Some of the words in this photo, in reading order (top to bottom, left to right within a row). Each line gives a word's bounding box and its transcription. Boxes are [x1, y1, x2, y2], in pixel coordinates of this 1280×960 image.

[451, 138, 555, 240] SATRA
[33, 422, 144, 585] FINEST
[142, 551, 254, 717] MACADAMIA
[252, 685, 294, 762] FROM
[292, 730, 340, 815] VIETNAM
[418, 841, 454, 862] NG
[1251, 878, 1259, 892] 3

※

_What you should do_.
From the data above, copy each line exactly.

_Finished task_.
Some of the words in this photo, in reading order (top to bottom, left to right within a row). Each line gives a word's bounding box and its transcription. Boxes are [x1, y1, x2, y2], in pixel coordinates of this 1280×960 image.

[451, 138, 555, 240] SATRA
[33, 422, 144, 585] FINEST
[142, 551, 254, 717] MACADAMIA
[252, 685, 294, 762] FROM
[292, 730, 340, 815] VIETNAM
[418, 841, 454, 862] NG
[1251, 878, 1259, 892] 3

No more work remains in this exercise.